Alcock and Brown were treated as heroes on the completion of their flight. In addition to the Daily Mail award of £10,000.fulfilling the challenge of being "The aviator who shall first cross the Atlantic in an aeroplane in flight from any point in the United States of America, Canada or Newfoundland and any point in Great Britain or Ireland" in 72 continuous hours" They also received £1,000 from Lawrence R. Phillips for being the first British subjects to fly the Atlantic Ocean.
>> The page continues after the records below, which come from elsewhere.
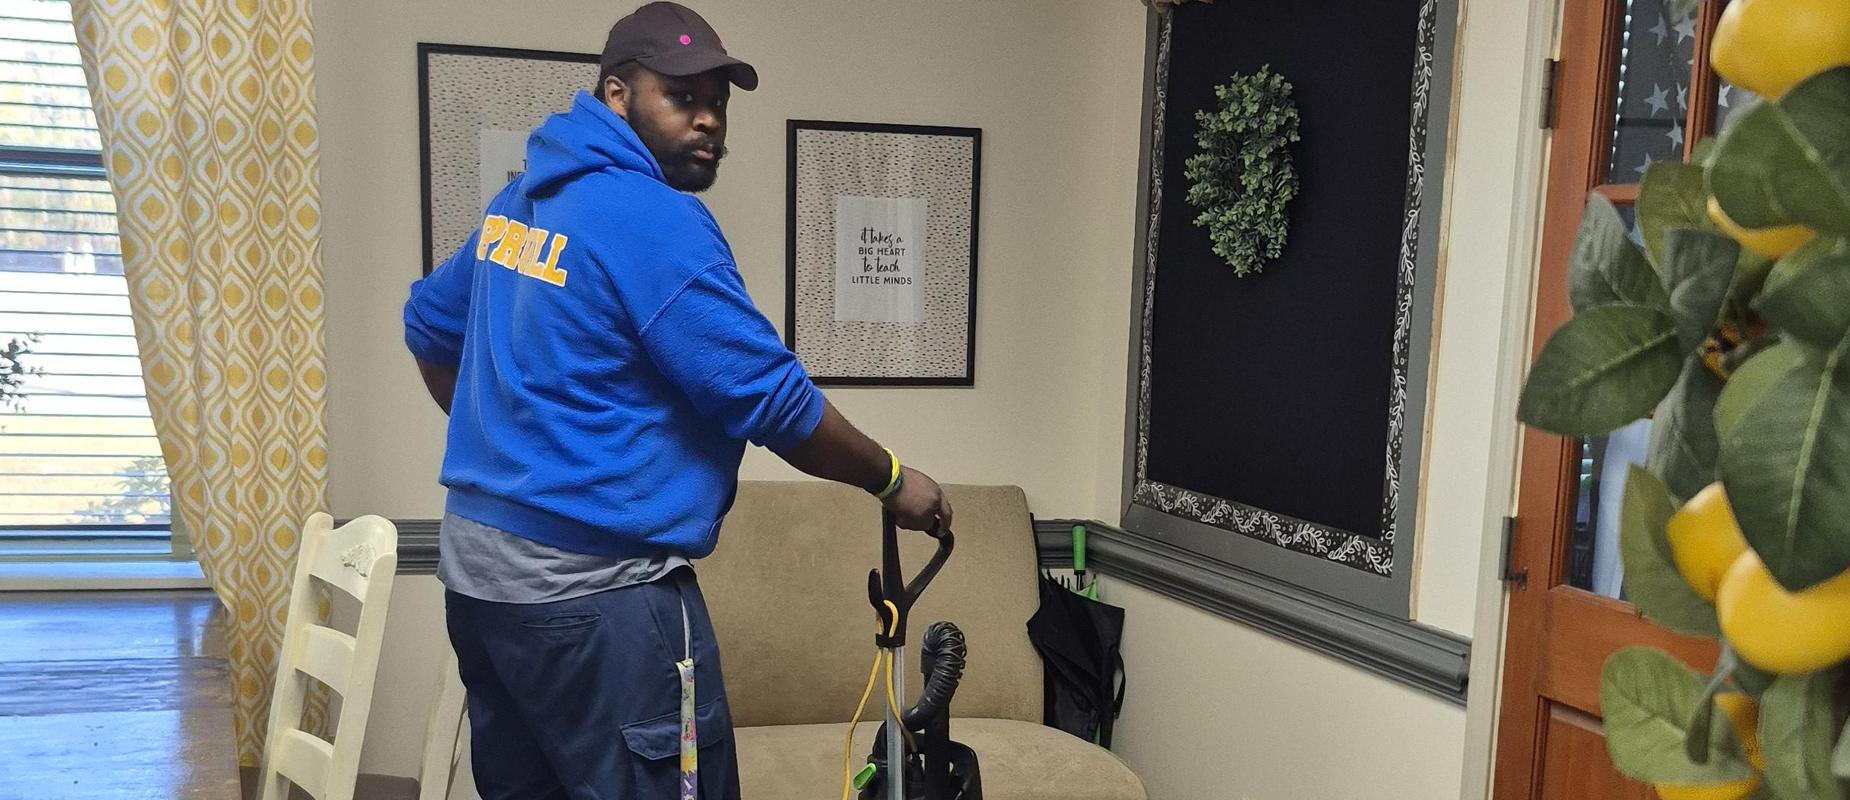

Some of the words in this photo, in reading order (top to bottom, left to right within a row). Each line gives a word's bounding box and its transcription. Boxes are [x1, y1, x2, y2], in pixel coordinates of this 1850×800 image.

[868, 227, 893, 247] takes
[858, 247, 873, 255] BIG
[877, 247, 906, 256] HEART
[861, 256, 873, 273] to
[874, 256, 900, 273] teach
[852, 276, 880, 284] LITTLE
[883, 277, 913, 285] MINDS
Both men were knighted a few days later by King George V. On 17 July 1919,Alcock and Brown flew to Manchester where they were given a civic reception by the Lord Mayor and Corporation and awards to mark their achievement.
A month after Alcock and Brown’s achievement,British airship R34 made the first double-crossing of the Atlantic, carrying 31 people (including a stowaway); twenty-nine of this crew, plus two flight engineers and a different American observer, then flew back to Europe. A small amount of airmail was carried on this flight. The government of the Dominion of Newfoundland overprinted stamps for this carriage. They are valuable, while the envelopes used on the flight are particularly rare.
The Vimy made its final flight on 15 November 2009 from Dunsfold Park to Brooklands and retired from flying for the foreseeable future. It is on public display in the Bellman hangar at Brooklands Museum,Weybridge, Surrey.